WORK ITEM: From the material below, please set down exactly the lines starting with the one with "this 1280×1707 image." and going on through the one with "this 1319×1140 image.", without a single picture.

SUPPLIED RECORDS:
+===+

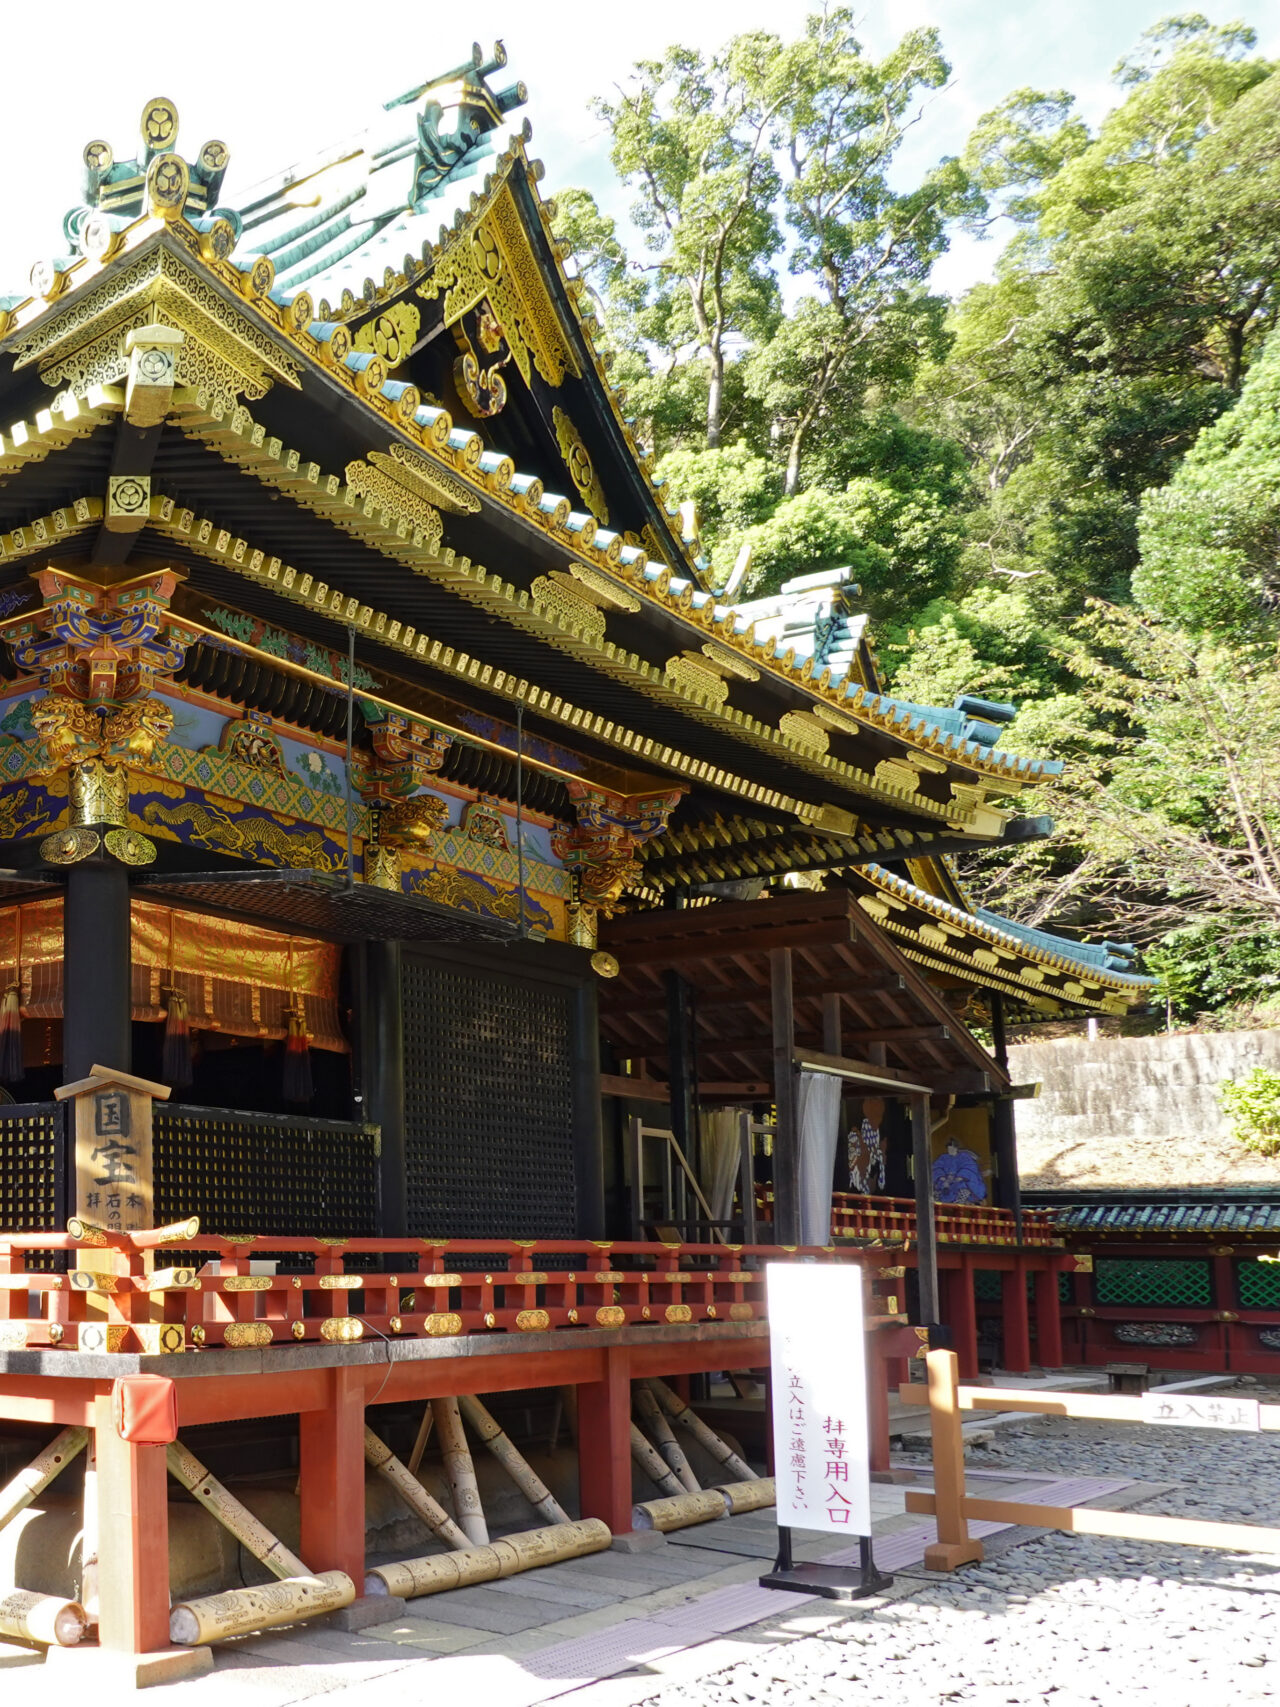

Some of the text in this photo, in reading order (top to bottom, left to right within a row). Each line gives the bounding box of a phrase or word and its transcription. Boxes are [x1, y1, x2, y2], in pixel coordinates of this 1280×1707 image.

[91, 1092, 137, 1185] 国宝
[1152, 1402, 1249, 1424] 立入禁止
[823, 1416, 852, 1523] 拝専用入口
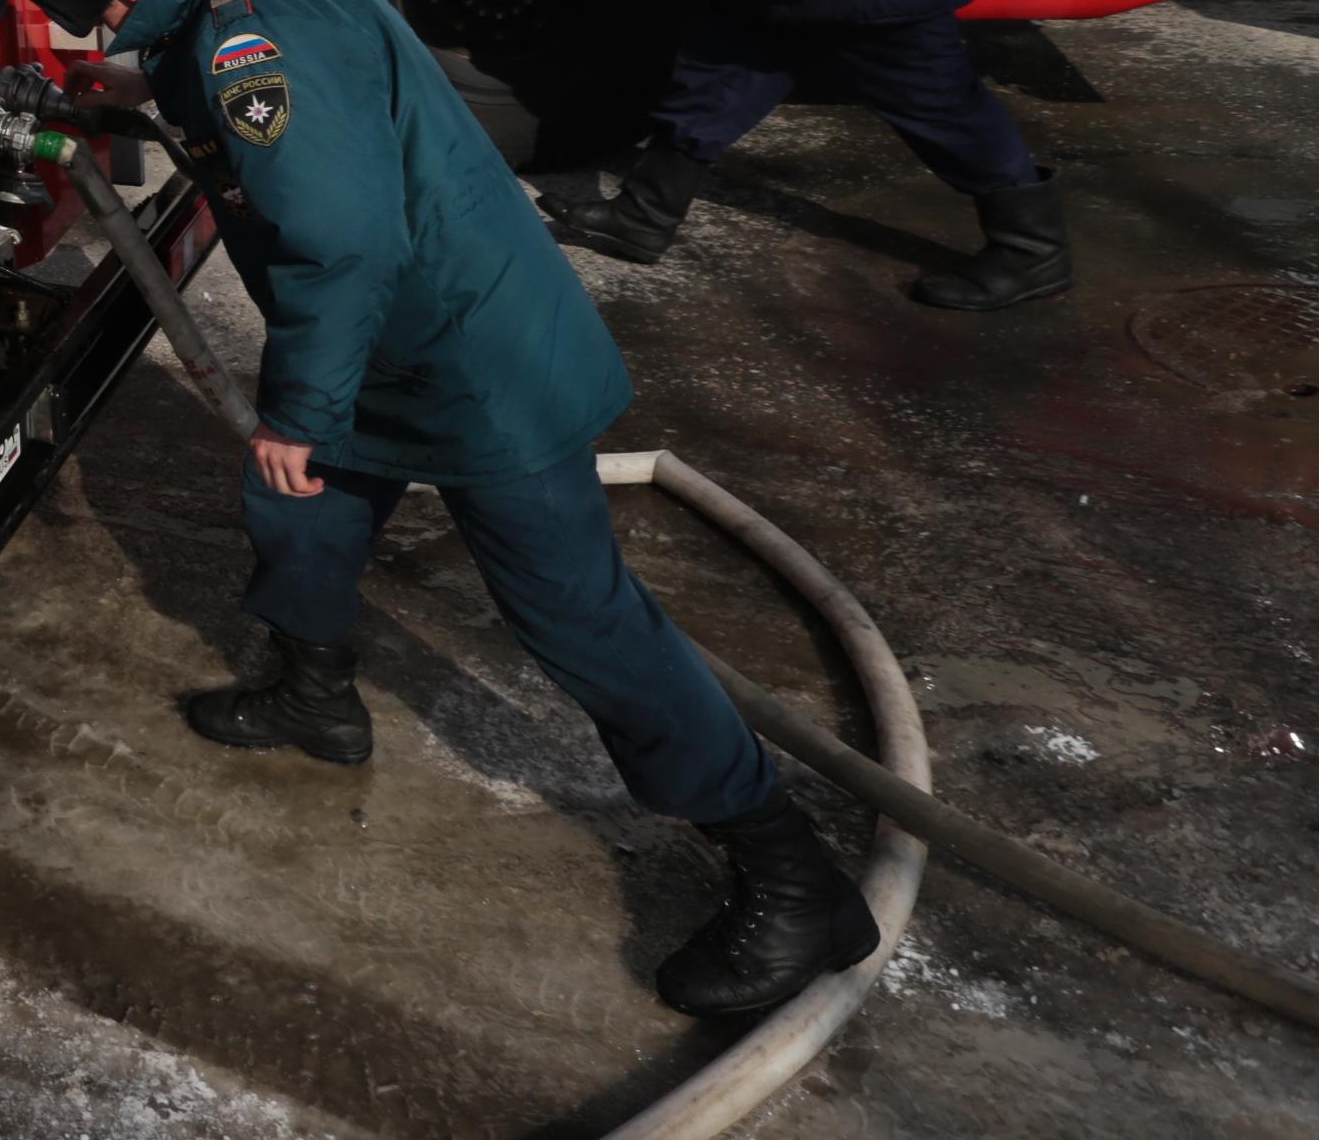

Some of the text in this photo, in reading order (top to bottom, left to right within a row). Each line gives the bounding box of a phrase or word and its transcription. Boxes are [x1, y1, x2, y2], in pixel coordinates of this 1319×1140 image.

+===+

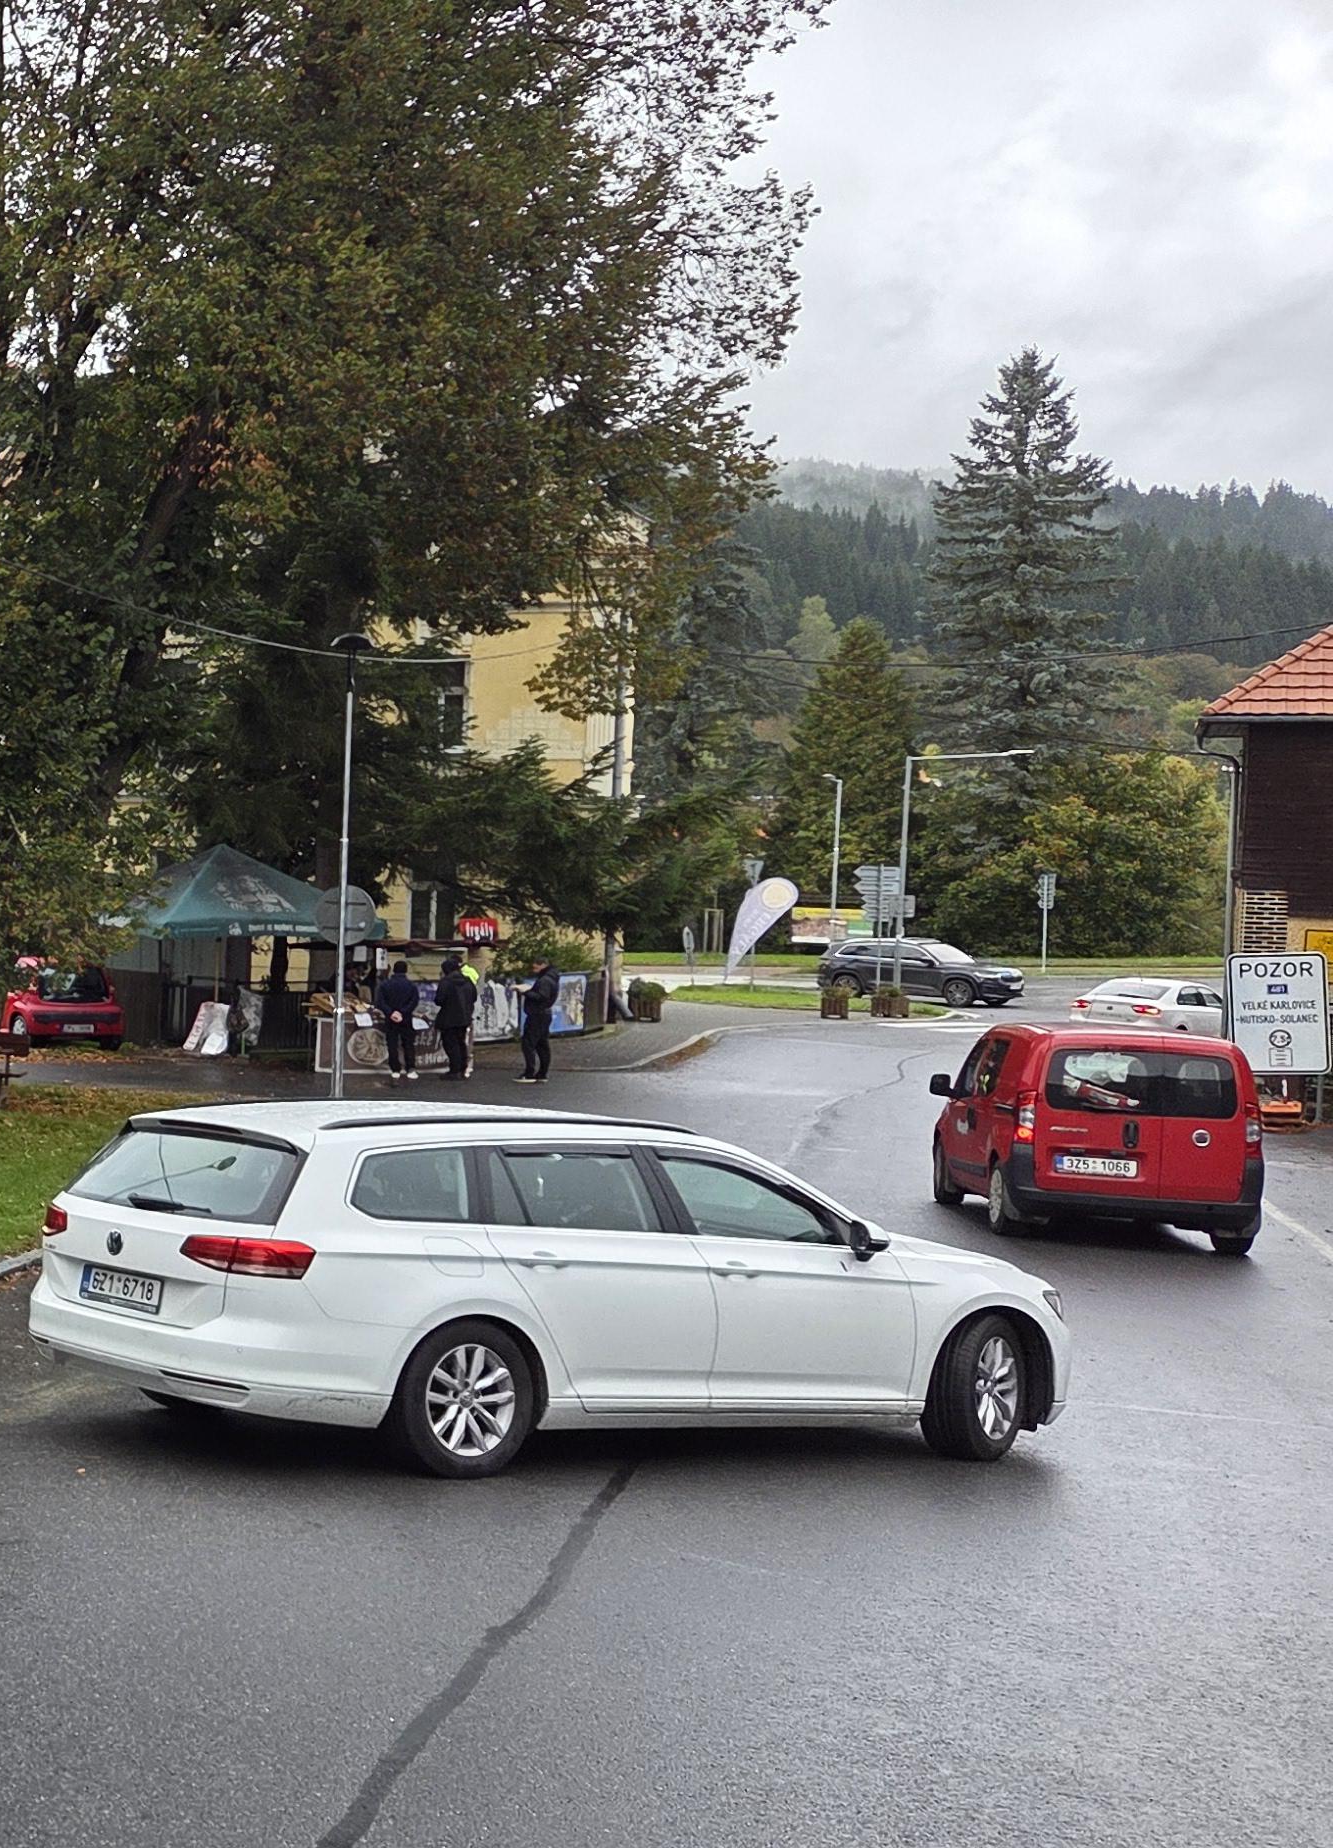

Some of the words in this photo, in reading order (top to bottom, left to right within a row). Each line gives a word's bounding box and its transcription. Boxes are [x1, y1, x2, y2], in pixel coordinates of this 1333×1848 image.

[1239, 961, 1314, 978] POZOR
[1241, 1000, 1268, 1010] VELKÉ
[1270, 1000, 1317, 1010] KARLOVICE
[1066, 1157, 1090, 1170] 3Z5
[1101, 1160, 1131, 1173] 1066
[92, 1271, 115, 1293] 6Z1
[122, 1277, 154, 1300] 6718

+===+

EXERCISE RESULT:
Some of the text in this photo, in reading order (top to bottom, left to right within a row). Each line gives the bounding box of a phrase or word and its transcription. Boxes are [x1, y1, x2, y2], in pixel coordinates of this 1280×1707 image.

[91, 1092, 137, 1185] 国宝
[1152, 1402, 1249, 1424] 立入禁止
[823, 1416, 852, 1523] 拝専用入口

Some of the text in this photo, in reading order (top to bottom, left to right within a row). Each line gives the bounding box of a phrase or word and its transcription. Boxes are [x1, y1, x2, y2], in pixel coordinates of this 1319×1140 image.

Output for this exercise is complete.